## AVAILABLE DATA
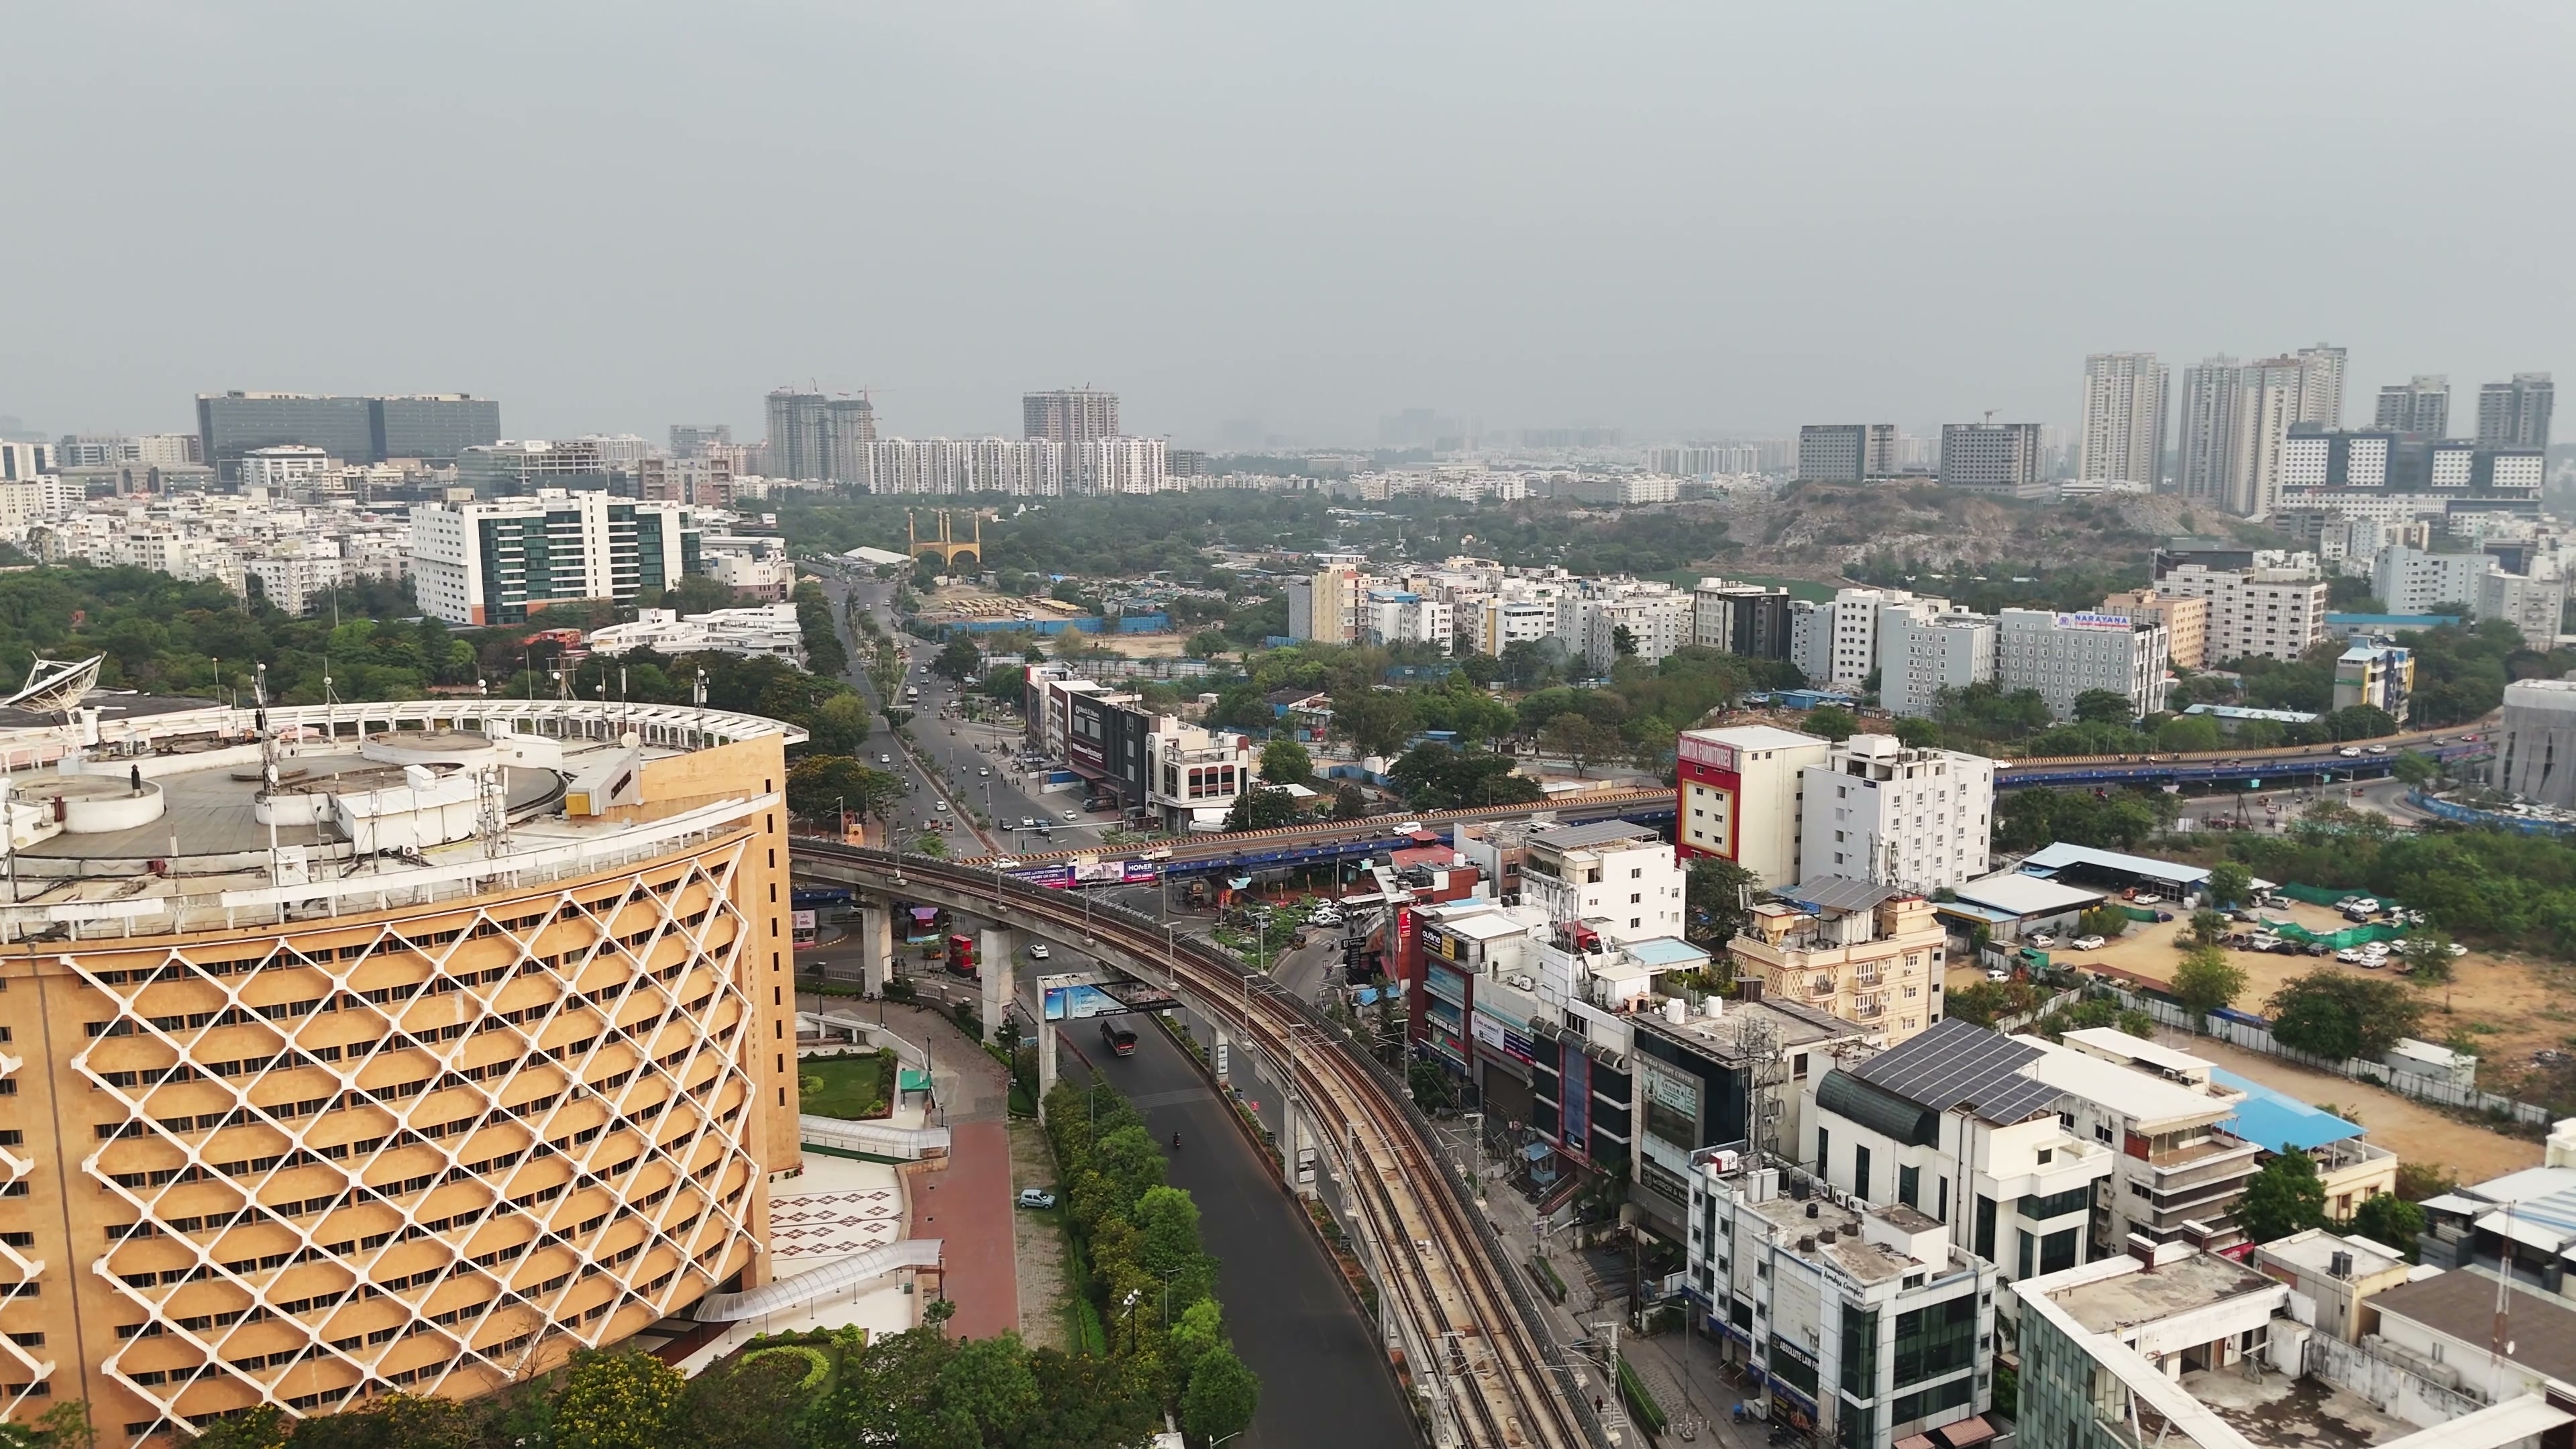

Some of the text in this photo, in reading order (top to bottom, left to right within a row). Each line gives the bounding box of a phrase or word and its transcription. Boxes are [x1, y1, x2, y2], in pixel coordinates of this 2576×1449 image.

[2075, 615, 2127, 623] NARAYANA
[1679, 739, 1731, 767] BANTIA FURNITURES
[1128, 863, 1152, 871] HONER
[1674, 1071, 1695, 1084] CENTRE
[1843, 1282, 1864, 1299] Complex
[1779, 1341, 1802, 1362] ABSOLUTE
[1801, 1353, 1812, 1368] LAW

## INSTRUCTIONS FOR THE TASK
The material above is to be transcribed exactly, with all pictures omitted.

## SOLVED PROBLEM
Some of the text in this photo, in reading order (top to bottom, left to right within a row). Each line gives the bounding box of a phrase or word and its transcription. Boxes are [x1, y1, x2, y2], in pixel coordinates of this 2576×1449 image.

[2075, 615, 2127, 623] NARAYANA
[1679, 739, 1731, 767] BANTIA FURNITURES
[1128, 863, 1152, 871] HONER
[1674, 1071, 1695, 1084] CENTRE
[1843, 1282, 1864, 1299] Complex
[1779, 1341, 1802, 1362] ABSOLUTE
[1801, 1353, 1812, 1368] LAW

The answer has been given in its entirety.